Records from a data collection

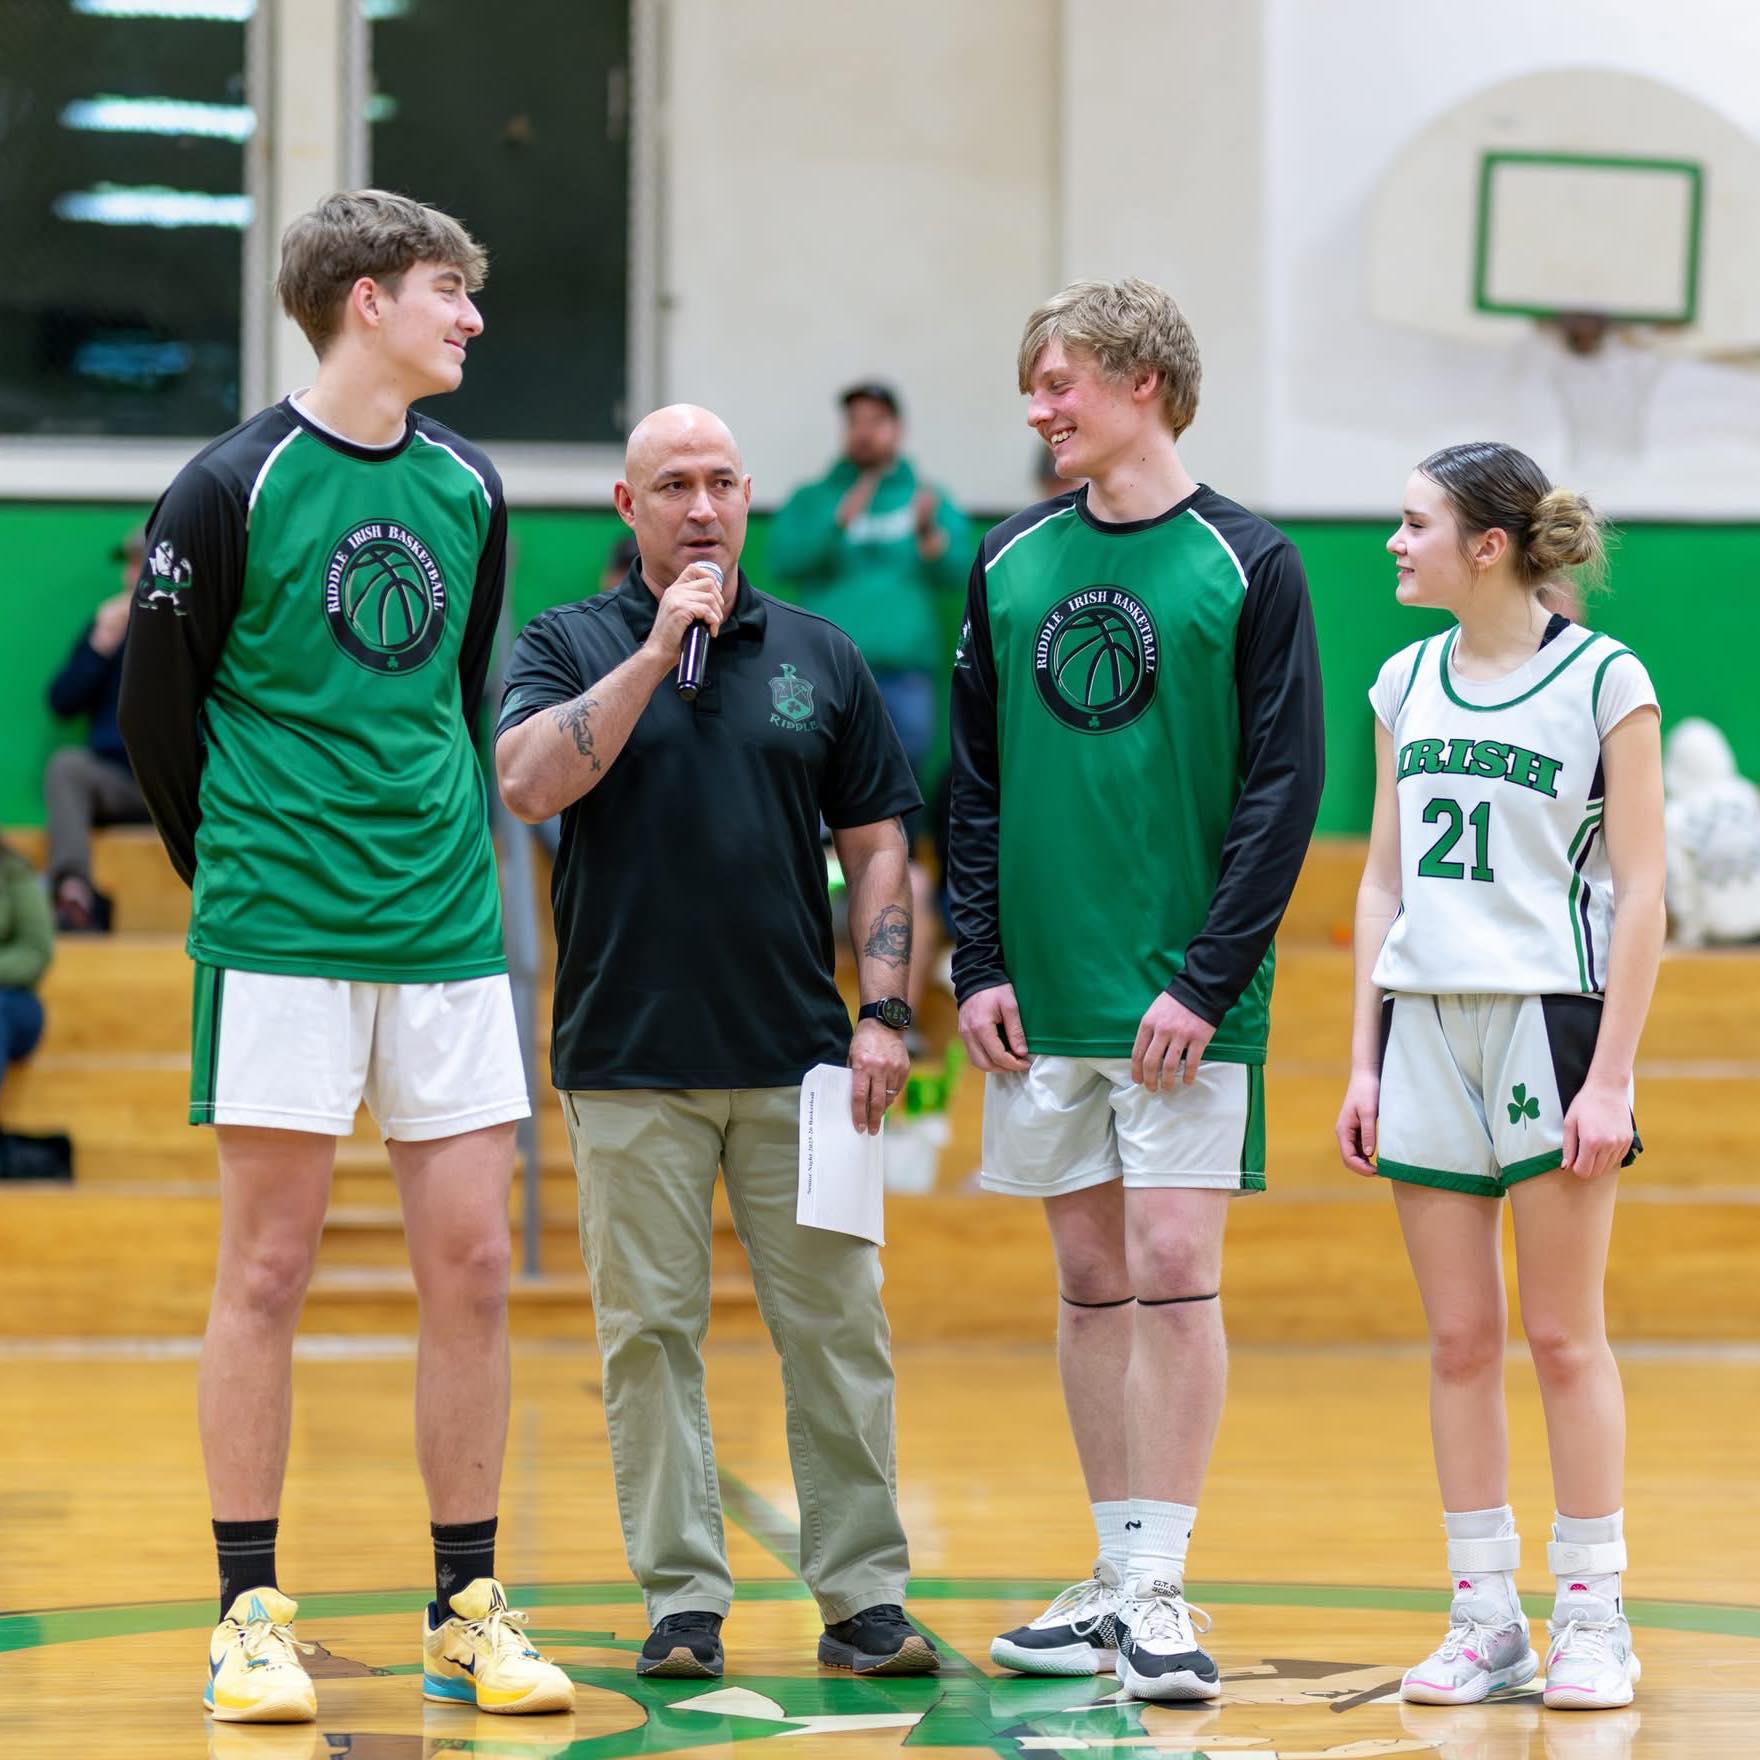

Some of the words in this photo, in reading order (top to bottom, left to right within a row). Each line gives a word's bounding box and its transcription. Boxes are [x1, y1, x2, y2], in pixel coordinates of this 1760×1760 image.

[327, 551, 349, 614] RIDDLE
[347, 525, 383, 549] IRISH
[388, 525, 444, 611] BASKETBALL
[1036, 611, 1064, 670] RIDDLE
[1068, 590, 1108, 612] IRISH
[1112, 593, 1156, 674] BASKETBALL
[1396, 738, 1563, 799] IRISH
[1418, 797, 1494, 883] 21
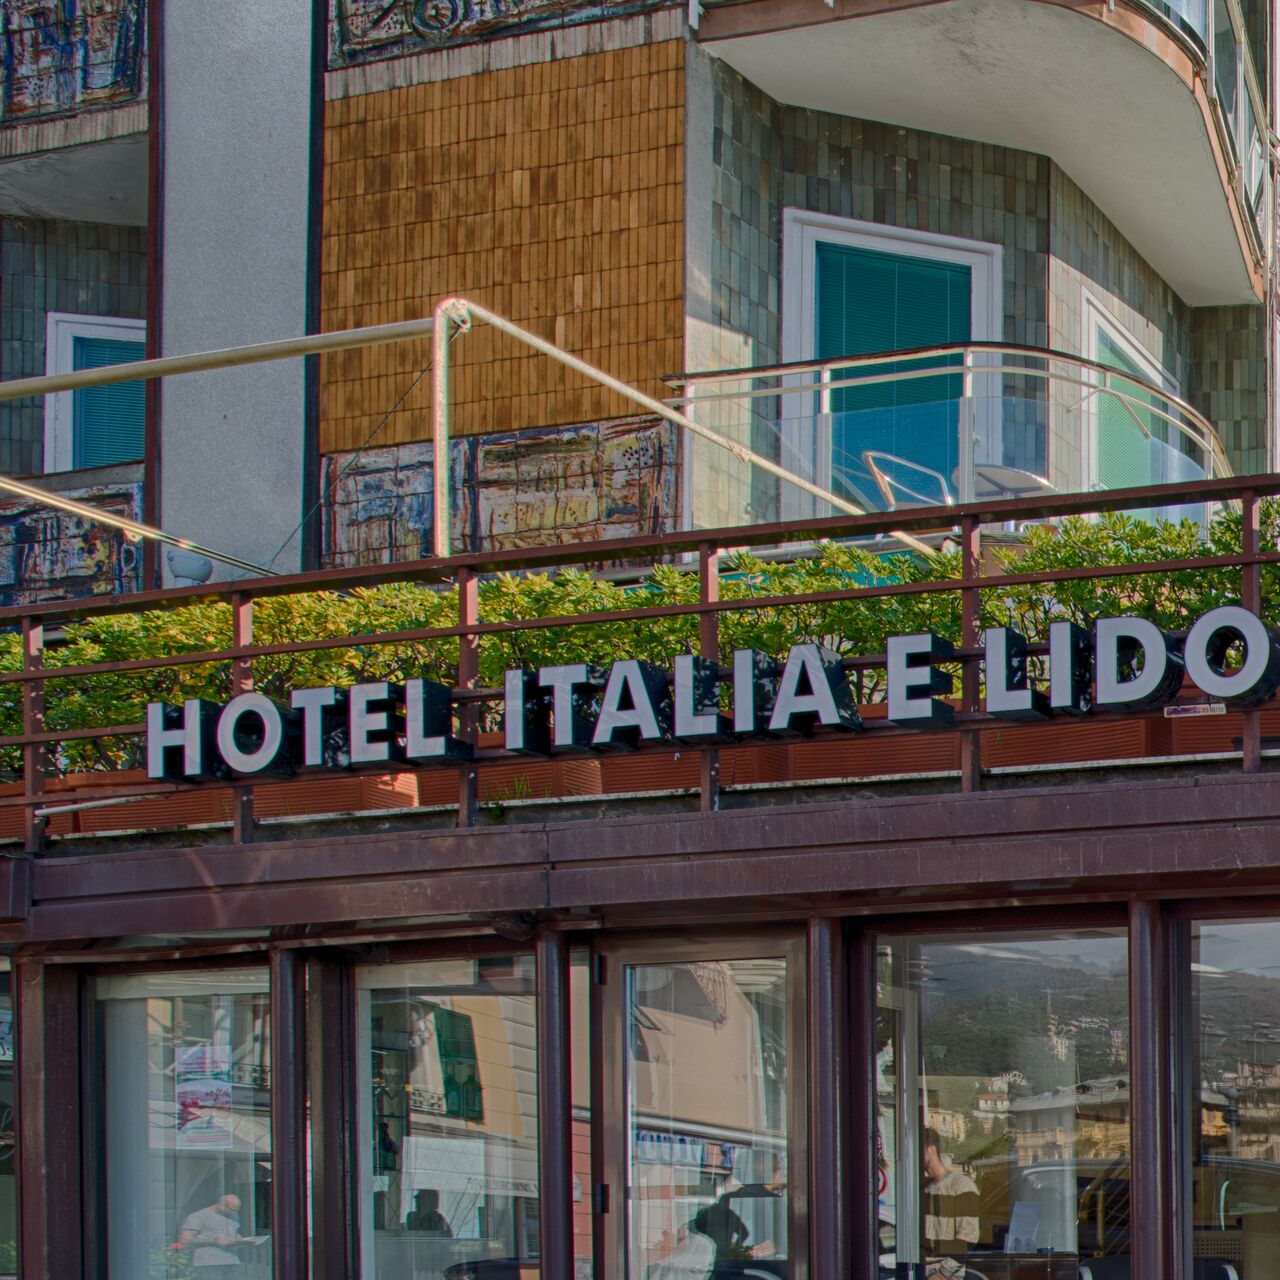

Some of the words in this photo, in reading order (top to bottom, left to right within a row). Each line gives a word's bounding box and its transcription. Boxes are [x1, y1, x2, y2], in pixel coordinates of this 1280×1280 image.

[146, 679, 446, 779] HOTEL
[505, 643, 842, 752] ITALIA
[887, 633, 933, 721] E
[985, 605, 1273, 714] LIDO
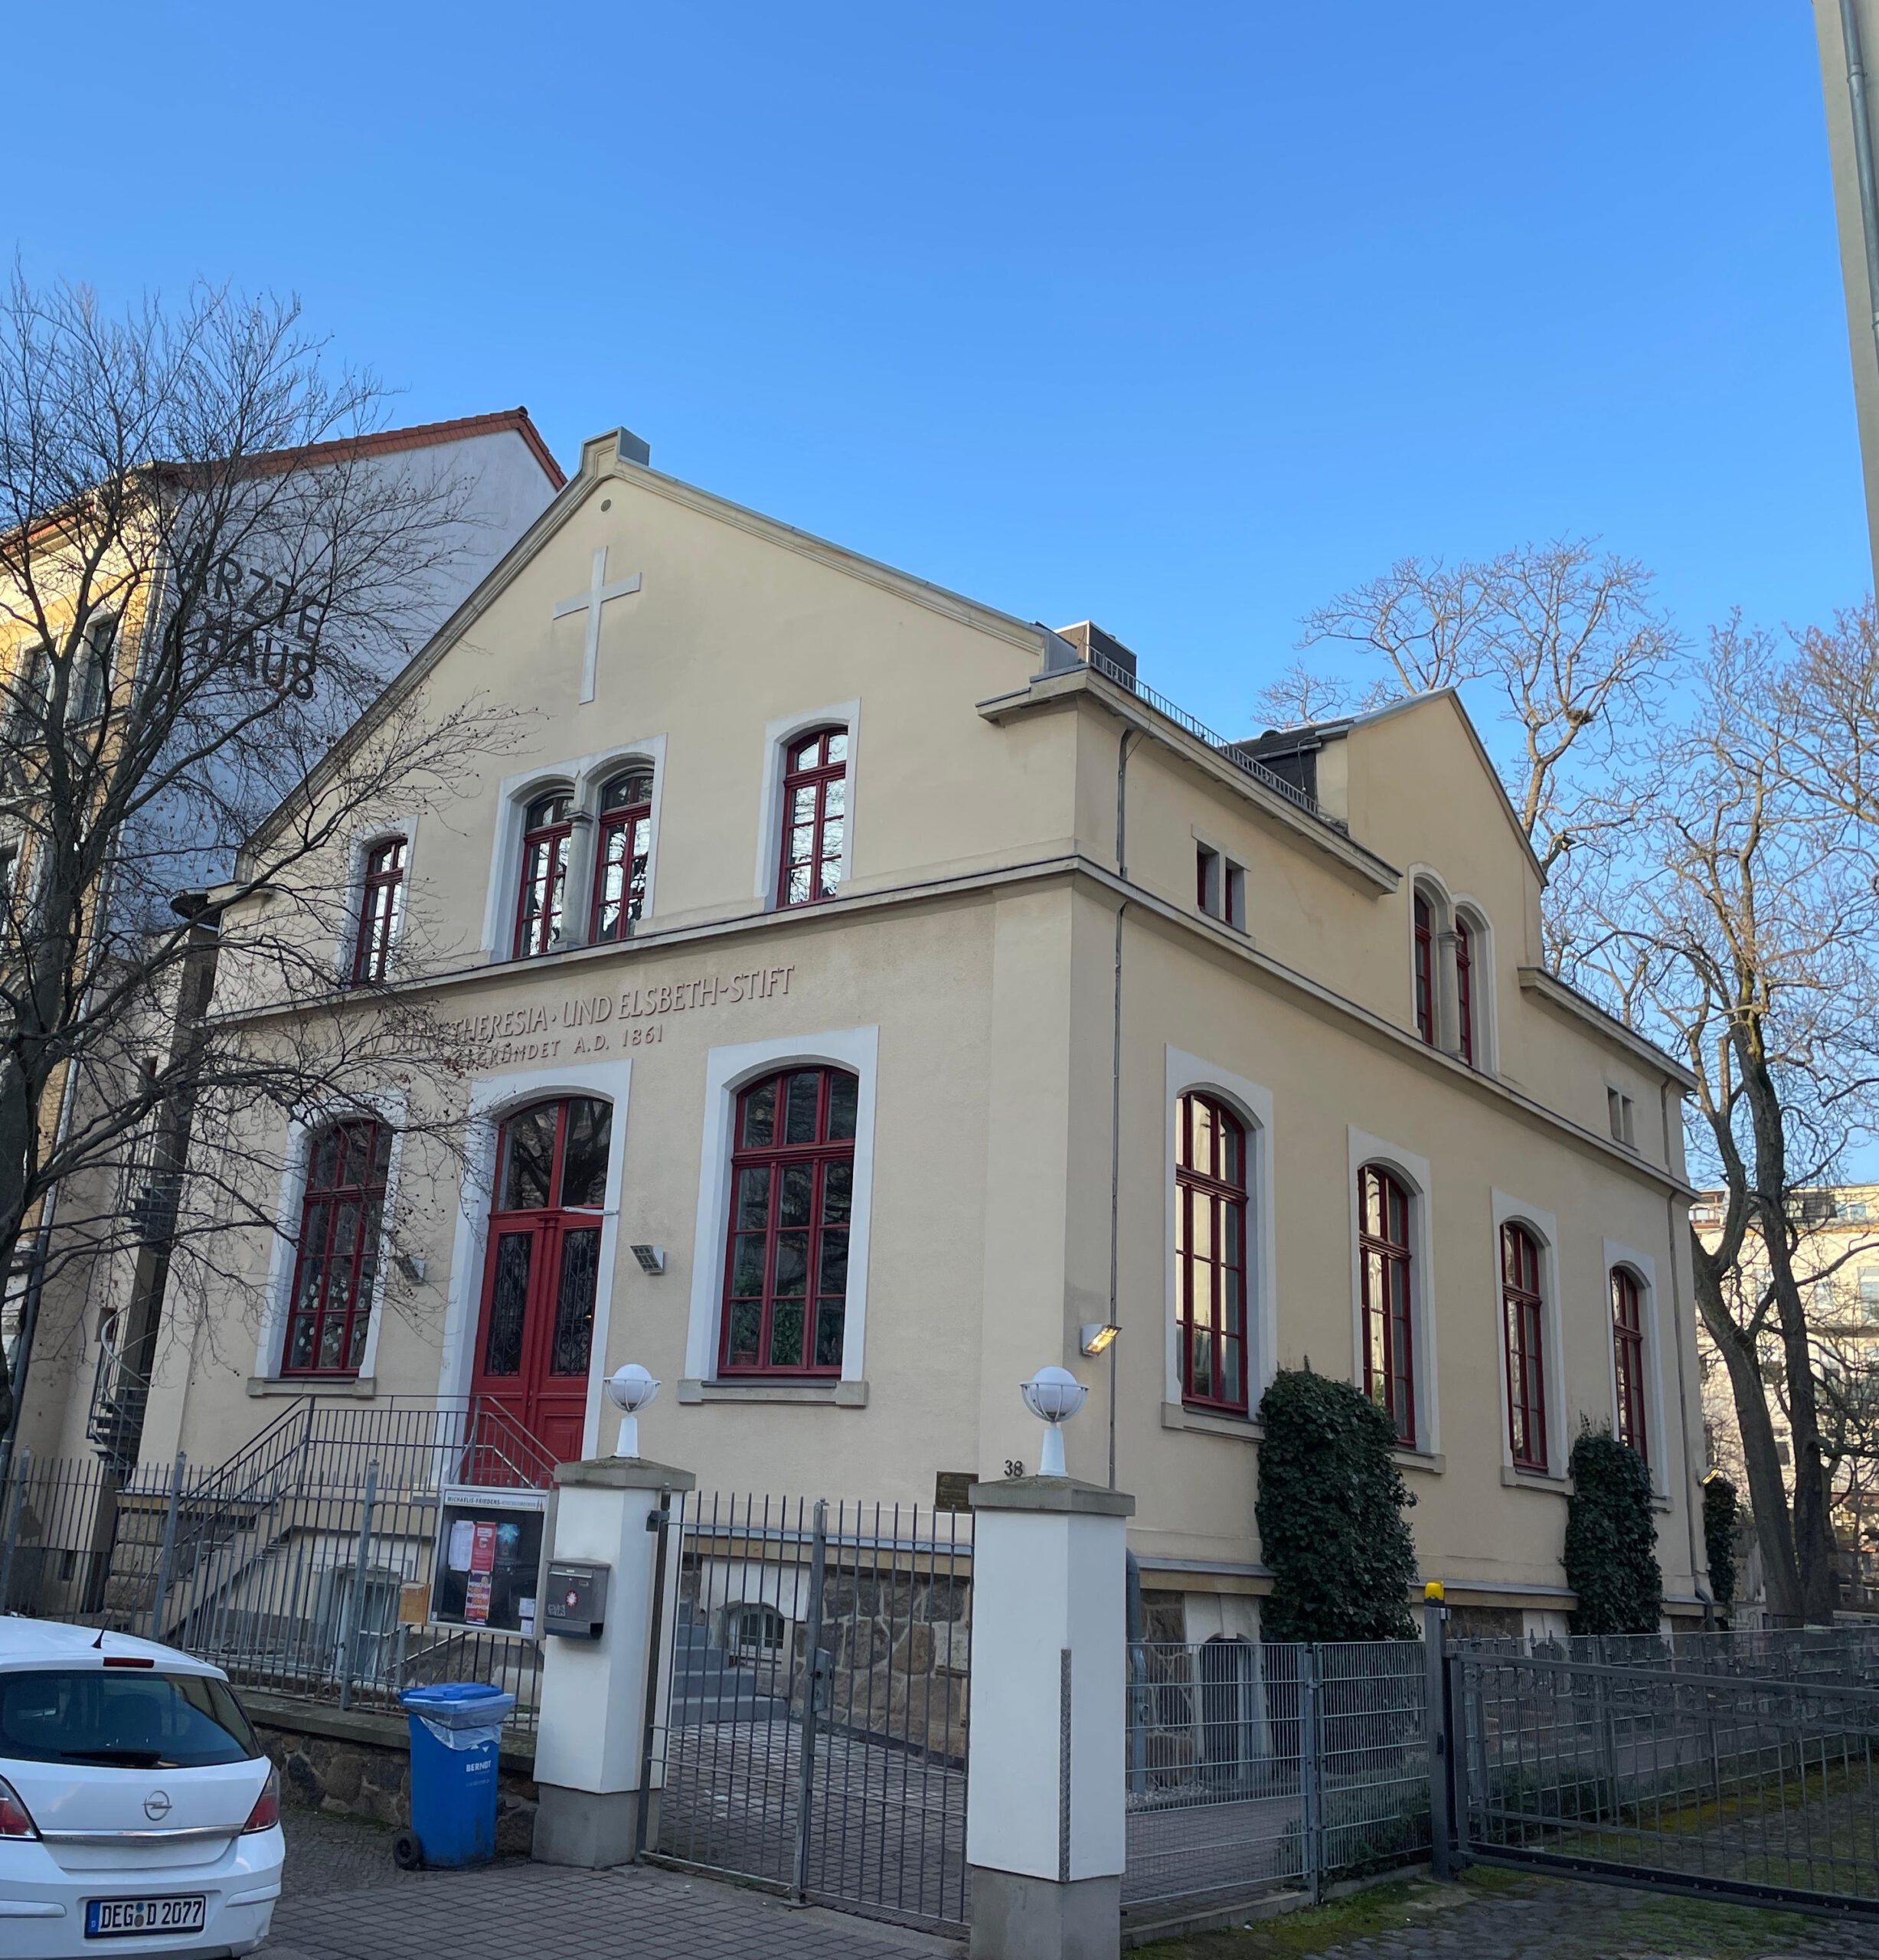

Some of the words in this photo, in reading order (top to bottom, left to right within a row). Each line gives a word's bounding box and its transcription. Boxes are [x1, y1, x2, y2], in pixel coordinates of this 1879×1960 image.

[563, 996, 613, 1027] UND
[618, 965, 795, 1019] ELSBETH-STIFT
[574, 1034, 609, 1054] A.D.
[623, 1024, 664, 1047] 1861
[1004, 1459, 1023, 1477] 38
[466, 1760, 492, 1772] BERNDT
[101, 1904, 134, 1929] DEG
[146, 1903, 157, 1926] D
[162, 1900, 202, 1925] 2077

- Task details
Quote the records in their entirety, keeping the wording exact and excluding pictures.

- Task result
Some of the words in this photo, in reading order (top to bottom, left to right within a row). Each line gives a word's bounding box and its transcription. Boxes are [x1, y1, x2, y2], in pixel coordinates of this 1760×1760 image.

[327, 551, 349, 614] RIDDLE
[347, 525, 383, 549] IRISH
[388, 525, 444, 611] BASKETBALL
[1036, 611, 1064, 670] RIDDLE
[1068, 590, 1108, 612] IRISH
[1112, 593, 1156, 674] BASKETBALL
[1396, 738, 1563, 799] IRISH
[1418, 797, 1494, 883] 21

Some of the words in this photo, in reading order (top to bottom, left to right within a row). Each line gives a word's bounding box and its transcription. Boxes are [x1, y1, x2, y2], in pixel coordinates of this 1280×1280 image.

[146, 679, 446, 779] HOTEL
[505, 643, 842, 752] ITALIA
[887, 633, 933, 721] E
[985, 605, 1273, 714] LIDO

Some of the words in this photo, in reading order (top to bottom, left to right within a row). Each line gives a word's bounding box and its transcription. Boxes are [x1, y1, x2, y2], in pixel coordinates of this 1879×1960 image.

[563, 996, 613, 1027] UND
[618, 965, 795, 1019] ELSBETH-STIFT
[574, 1034, 609, 1054] A.D.
[623, 1024, 664, 1047] 1861
[1004, 1459, 1023, 1477] 38
[466, 1760, 492, 1772] BERNDT
[101, 1904, 134, 1929] DEG
[146, 1903, 157, 1926] D
[162, 1900, 202, 1925] 2077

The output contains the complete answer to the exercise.